Energy firm Dynegy Inc. (DYN) said it intends to terminate the merger deal with Blackstone Group (BX), saying that the latter's offer will not receive the required shareholder backing, and plans to seek new proposals from potentially interested parties.

We are committed to moving Dynegy forward and, because we believe stockholders will not approve the transaction with Blackstone, the Board will initiate an open strategic alternatives process to maximize stockholder value, said, Bruce Williamson, CEO of Dynegy.

We will immediately engage interested parties, including Seneca Capital and Icahn Associates, who may have an interest in making an offer to acquire Dynegy, Williamson said.

Dynegy has also invited other interested third parties to contact Dynegy or its financial advisors Goldman, Sachs & Co. and Greenhill & Co., LLC.

In addition, Dynegy intends to retain an independent financial restructuring advisor to conduct a review that will include strategic alternatives to create stockholder value, including its previous analysis of individual asset sales, debt restructuring and cost cutting opportunities.

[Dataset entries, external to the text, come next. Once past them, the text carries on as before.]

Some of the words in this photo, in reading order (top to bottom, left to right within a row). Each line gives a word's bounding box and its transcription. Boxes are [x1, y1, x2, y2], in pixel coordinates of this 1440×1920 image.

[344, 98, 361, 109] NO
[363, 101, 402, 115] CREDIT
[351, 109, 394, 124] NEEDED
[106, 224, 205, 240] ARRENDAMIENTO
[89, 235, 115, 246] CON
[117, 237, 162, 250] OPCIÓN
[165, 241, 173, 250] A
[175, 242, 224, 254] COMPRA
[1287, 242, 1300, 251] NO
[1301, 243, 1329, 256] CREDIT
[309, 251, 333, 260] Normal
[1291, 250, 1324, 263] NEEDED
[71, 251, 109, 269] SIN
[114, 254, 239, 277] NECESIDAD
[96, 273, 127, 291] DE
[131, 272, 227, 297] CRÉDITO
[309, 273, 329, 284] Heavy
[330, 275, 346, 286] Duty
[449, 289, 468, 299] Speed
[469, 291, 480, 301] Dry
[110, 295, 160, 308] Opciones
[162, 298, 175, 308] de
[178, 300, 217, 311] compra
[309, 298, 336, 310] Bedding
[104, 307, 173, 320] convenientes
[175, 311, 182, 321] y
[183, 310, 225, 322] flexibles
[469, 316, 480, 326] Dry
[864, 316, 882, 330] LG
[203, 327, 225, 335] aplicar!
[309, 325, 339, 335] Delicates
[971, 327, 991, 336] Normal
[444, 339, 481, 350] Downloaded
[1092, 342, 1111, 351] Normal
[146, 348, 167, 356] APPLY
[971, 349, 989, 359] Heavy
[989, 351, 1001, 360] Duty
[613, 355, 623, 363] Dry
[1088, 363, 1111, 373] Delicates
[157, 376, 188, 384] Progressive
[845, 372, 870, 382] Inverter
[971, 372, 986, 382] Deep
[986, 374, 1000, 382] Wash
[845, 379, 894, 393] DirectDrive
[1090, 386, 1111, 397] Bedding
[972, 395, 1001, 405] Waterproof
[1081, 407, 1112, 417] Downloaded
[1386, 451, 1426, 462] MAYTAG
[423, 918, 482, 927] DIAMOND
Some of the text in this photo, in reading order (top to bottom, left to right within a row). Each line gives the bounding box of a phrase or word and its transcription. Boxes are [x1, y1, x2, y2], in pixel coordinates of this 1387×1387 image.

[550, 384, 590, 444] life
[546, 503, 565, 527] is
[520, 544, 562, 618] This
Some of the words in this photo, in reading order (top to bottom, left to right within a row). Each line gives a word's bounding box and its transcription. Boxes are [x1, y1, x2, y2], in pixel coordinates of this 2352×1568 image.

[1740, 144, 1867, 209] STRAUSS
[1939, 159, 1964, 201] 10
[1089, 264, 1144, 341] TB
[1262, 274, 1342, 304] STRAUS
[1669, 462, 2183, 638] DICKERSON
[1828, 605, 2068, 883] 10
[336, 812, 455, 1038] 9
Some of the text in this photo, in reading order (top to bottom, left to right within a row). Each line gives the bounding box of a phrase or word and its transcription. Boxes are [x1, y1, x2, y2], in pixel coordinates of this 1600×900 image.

Meanwhile, shareholders of Dynegy are expected to vote today on the $4.7 billion offer by Blackstone Group, which is being opposed Dynegy's largest shareholders including billionaire investor Carl Icahn and hedge fund Seneca Capital. The special meeting of stockholders will resume today at 3:30 pm central time.

Icahn recently raised his stake in Dynegy to about 13 percent and offered $2 billion in credit line, after Dynegy warned it would face severe financial crisis, if shareholders voted against the Blackstone bid.

Houston, Texas-based Dynegy said it will engage with Seneca Capital over the immediate appointment of a candidate to the Dynegy Board. Seneca Capital has 9.3 percent stake in the energy producer.

The largest shareholders were not backing the deal despite Blackstone boosting the bid by 50 cents to $5 each last week. Both parties believe Blackstone's offer is too low.

Seneca even said that Dynegy is worth more than $6 each and may be valued as high as $18 a share, once the prices for electricity revives on the back a strengthening economy. U.S. consumers are paying, on average, 9.91 cents per kilowatt hour for electricity, according to the latest report from Energy Information Administration for the year to date period through Aug. 2010. In the same period last year, the price were 9.98 cents per kilowatt hour.

In August, Dynegy had agreed to be acquired by an affiliate of Blackstone Group L.P. for about $4.7 billion, including debt. At that time, Blackstone's offer of $4.50 in cash a share represented a 62 percent premium to Dynegy's closing share price on August 12. For the full story, please (click here).

Dynegy will have to pay Blackstone a $16.3 million termination fee as the deal is likely to fail.

Separately, Dynegy said it has adopted a shareholder rights plan, which will be exercisable if a person or group has acquired 10 percent or more of Dynegy's common stock or any person or group acquires more than 30 percent of Dynegy's common stock. The rights plan also sets a dividend of one right per outstanding share, with a Dec. 2 record date.